*Work required*.
Could the data below be printed out exactly, with the pictures left out?

BEGIN Provided records

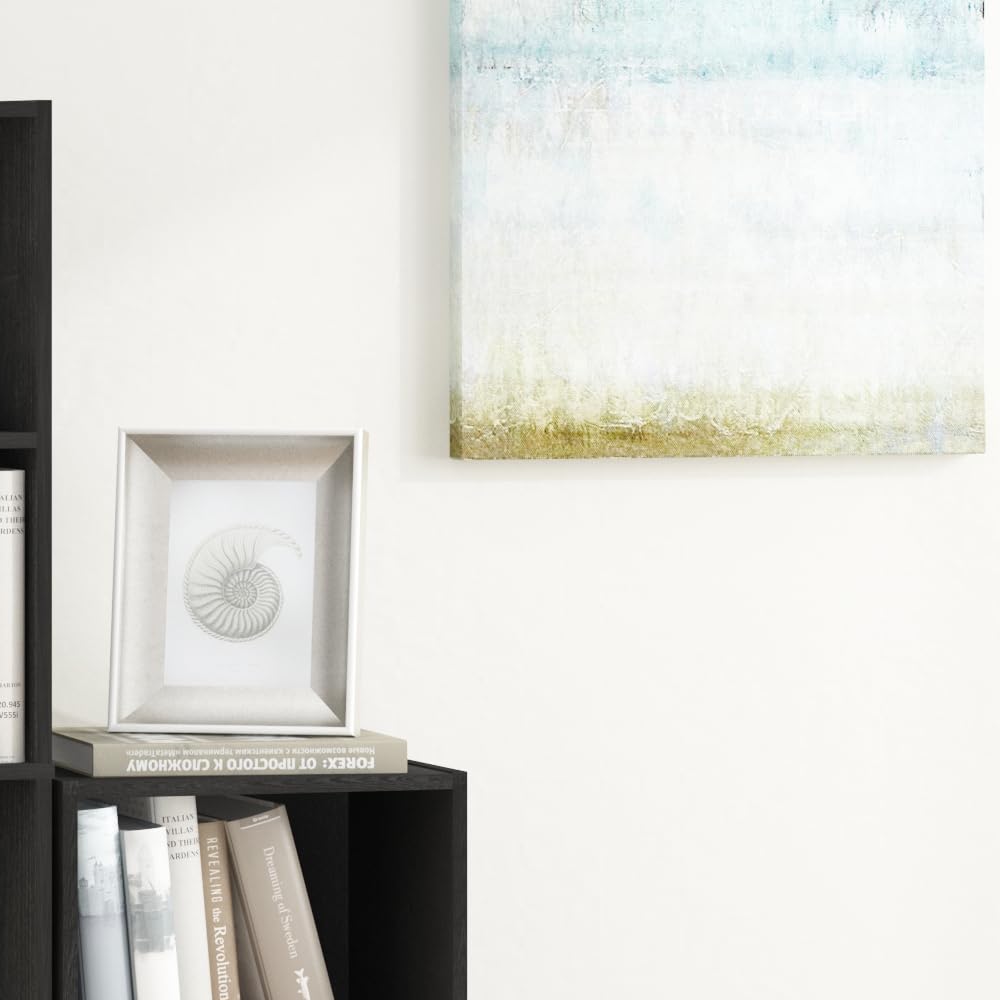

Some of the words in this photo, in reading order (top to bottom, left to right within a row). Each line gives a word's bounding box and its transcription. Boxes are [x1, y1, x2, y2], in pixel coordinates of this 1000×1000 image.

[182, 748, 233, 757] терминалом
[234, 747, 284, 756] клиентским
[291, 747, 347, 756] возможности
[348, 747, 375, 755] Новые
[126, 757, 211, 772] СЛОЖНОМУ
[213, 757, 223, 771] К
[226, 756, 296, 771] ПРОСТОГО
[298, 756, 317, 770] ОТ
[323, 756, 375, 770] FOREX:
[162, 814, 194, 823] ITALIAN
[169, 849, 200, 860] ARDENS
[206, 837, 223, 903] REVEALING
[263, 845, 284, 905] Dreaming
[280, 915, 299, 959] Sweden
[211, 907, 222, 923] the
[212, 926, 231, 1000] Revolution

END Provided records

*Task solution*.
Some of the words in this photo, in reading order (top to bottom, left to right within a row). Each line gives a word's bounding box and its transcription. Boxes are [x1, y1, x2, y2], in pixel coordinates of this 1000×1000 image.

[182, 748, 233, 757] терминалом
[234, 747, 284, 756] клиентским
[291, 747, 347, 756] возможности
[348, 747, 375, 755] Новые
[126, 757, 211, 772] СЛОЖНОМУ
[213, 757, 223, 771] К
[226, 756, 296, 771] ПРОСТОГО
[298, 756, 317, 770] ОТ
[323, 756, 375, 770] FOREX:
[162, 814, 194, 823] ITALIAN
[169, 849, 200, 860] ARDENS
[206, 837, 223, 903] REVEALING
[263, 845, 284, 905] Dreaming
[280, 915, 299, 959] Sweden
[211, 907, 222, 923] the
[212, 926, 231, 1000] Revolution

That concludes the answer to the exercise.